Once the trial date was set, it was continued twice. First, the government moved for a continuance because counsel had another trial and an appellate argument scheduled during the same month as Souza's trial. Thereafter, Souza's counsel moved to continue because he had a conflict with the new trial date. All in all, the government, as compared to Souza and his counsel, played a minimal role in delaying the trial.

c. Defendant's Assertion of the Right

From the outset, Souza made it clear that he wished to proceed to trial as quickly as possible. This factor weighs in his favor, but not enough to overcome the weight that the second and fourth factors carry against him.

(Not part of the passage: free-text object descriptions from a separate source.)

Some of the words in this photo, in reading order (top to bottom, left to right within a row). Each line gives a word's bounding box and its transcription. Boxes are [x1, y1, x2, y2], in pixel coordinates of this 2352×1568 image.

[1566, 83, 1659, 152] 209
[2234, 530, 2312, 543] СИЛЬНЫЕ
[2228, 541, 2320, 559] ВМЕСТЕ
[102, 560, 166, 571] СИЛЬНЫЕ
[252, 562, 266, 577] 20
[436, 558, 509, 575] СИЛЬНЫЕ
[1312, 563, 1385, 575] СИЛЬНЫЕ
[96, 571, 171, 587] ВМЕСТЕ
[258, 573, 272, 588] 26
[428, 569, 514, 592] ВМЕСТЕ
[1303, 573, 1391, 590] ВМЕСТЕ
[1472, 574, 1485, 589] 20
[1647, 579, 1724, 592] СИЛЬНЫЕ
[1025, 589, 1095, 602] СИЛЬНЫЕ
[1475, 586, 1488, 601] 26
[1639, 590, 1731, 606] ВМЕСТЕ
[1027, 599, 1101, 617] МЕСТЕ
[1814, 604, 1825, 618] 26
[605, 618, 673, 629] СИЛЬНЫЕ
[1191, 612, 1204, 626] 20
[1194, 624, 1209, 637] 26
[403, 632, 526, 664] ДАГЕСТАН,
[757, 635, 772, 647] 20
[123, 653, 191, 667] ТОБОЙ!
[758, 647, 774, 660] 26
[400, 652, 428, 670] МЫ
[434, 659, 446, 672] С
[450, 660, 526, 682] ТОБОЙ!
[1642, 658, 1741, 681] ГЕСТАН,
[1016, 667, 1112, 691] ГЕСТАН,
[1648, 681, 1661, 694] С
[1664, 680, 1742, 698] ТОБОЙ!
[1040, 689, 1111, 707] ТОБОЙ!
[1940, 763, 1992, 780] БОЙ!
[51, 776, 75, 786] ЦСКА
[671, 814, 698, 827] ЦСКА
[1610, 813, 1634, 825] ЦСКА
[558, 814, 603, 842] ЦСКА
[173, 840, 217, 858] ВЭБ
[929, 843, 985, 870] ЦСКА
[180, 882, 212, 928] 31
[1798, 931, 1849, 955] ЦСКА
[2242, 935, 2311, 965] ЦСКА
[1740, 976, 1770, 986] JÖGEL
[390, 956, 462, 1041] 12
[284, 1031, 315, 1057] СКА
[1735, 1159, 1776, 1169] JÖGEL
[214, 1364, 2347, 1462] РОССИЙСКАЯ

d. Prejudice Resulting from the Delay

Prejudice is assessed in light of the interests that the speedy trial right was designed to protect: “(i) to prevent oppressive pretrial incarceration; (ii) to minimize anxiety and concern of the accused; and (iii) to limit the possibility that the defense will be impaired.” Barker, 407 U.S. at 532.

The last of these interests is the most serious, as it implicates “the fairness of the entire system,” and we begin with it here. Id. Souza argues that evidence and testimony of witnesses was lost or hampered as a result of the delay between his criminal conduct, which occurred in 2006, and his trial, which occurred in 2012. But most of this period is irrelevant for speedy trial purposes. The speedy trial right “attaches upon arrest or indictment, whichever occurs first,” Santiago–Becerril, 130 F.3d at 21, and Souza was not arrested until August 12, 2010. The delay in obtaining the arrest following his criminal conduct implicates separate rights, see Munoz–Franco, 487 F.3d at 58, not invoked by Souza on appeal. Though Souza speculates about prejudice, he points to nothing in the eighteen-month period between his arrest and trial that impaired his ability to mount a defense.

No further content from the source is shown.